Primary voters on Tuesday picked a congressman backed by President Donald Trump to be the GOP nominee against Democratic Sen. Sherrod Brown, who faced no primary opposition in his bid for a third term.

“Ohio is a Trump state,” U.S. Rep. Jim Renacci told supporters. “Ohio is going to move forward with the Trump agenda, and Ohio is going to get anybody who is an obstacle, including Sen. Brown, out of the way.”

In the race to succeed term-limited GOP Gov. John Kasich, voters set up a fall contest between Republican Attorney General Mike DeWine and Democrat Richard Cordray. Both DeWine and Cordray won spirited primaries with at least 60 percent of the vote each.

DeWine’s victory came after a hard-hitting primary campaign in which Lt. Gov.
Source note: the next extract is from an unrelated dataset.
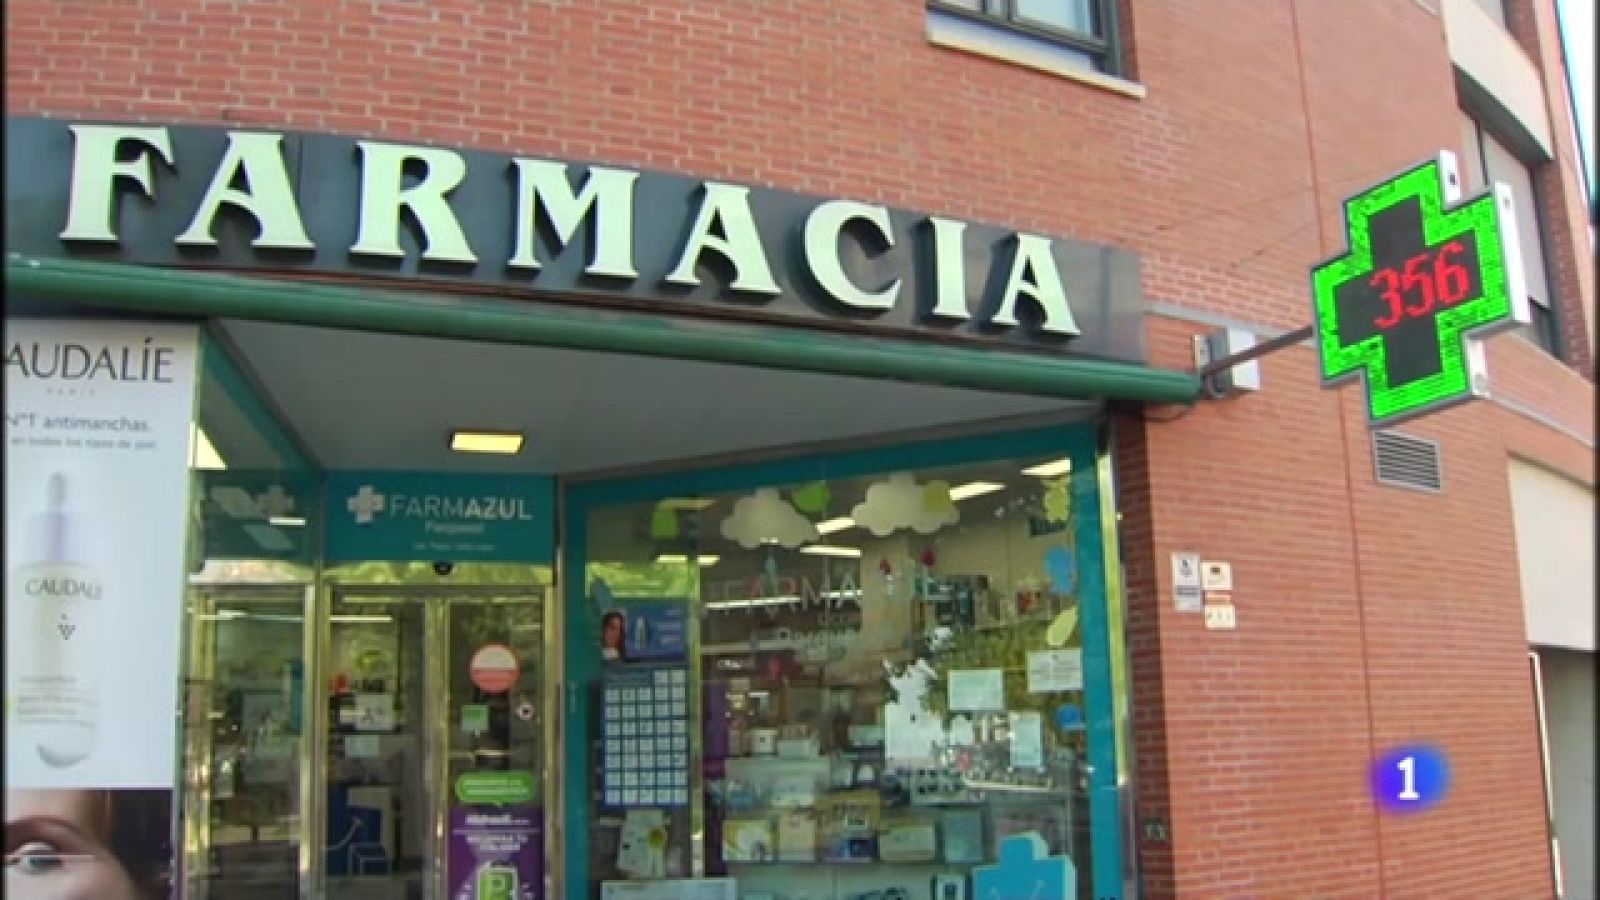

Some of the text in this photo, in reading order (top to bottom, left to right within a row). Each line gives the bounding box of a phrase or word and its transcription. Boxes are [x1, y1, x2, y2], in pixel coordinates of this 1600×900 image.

Mary Taylor called him a “phony conservative” and he called her unqualified.

Trump, who scored a decisive victory in Ohio over Hillary Clinton in 2016 after Barack Obama carried the state twice, sent a congratulatory Tweet on Wednesday for DeWine. He said DeWine will be “a great governor with a heavy focus” on health care and jobs, dismissing Cordray as a “Socialist opponent” who was “a big failure in his last job.”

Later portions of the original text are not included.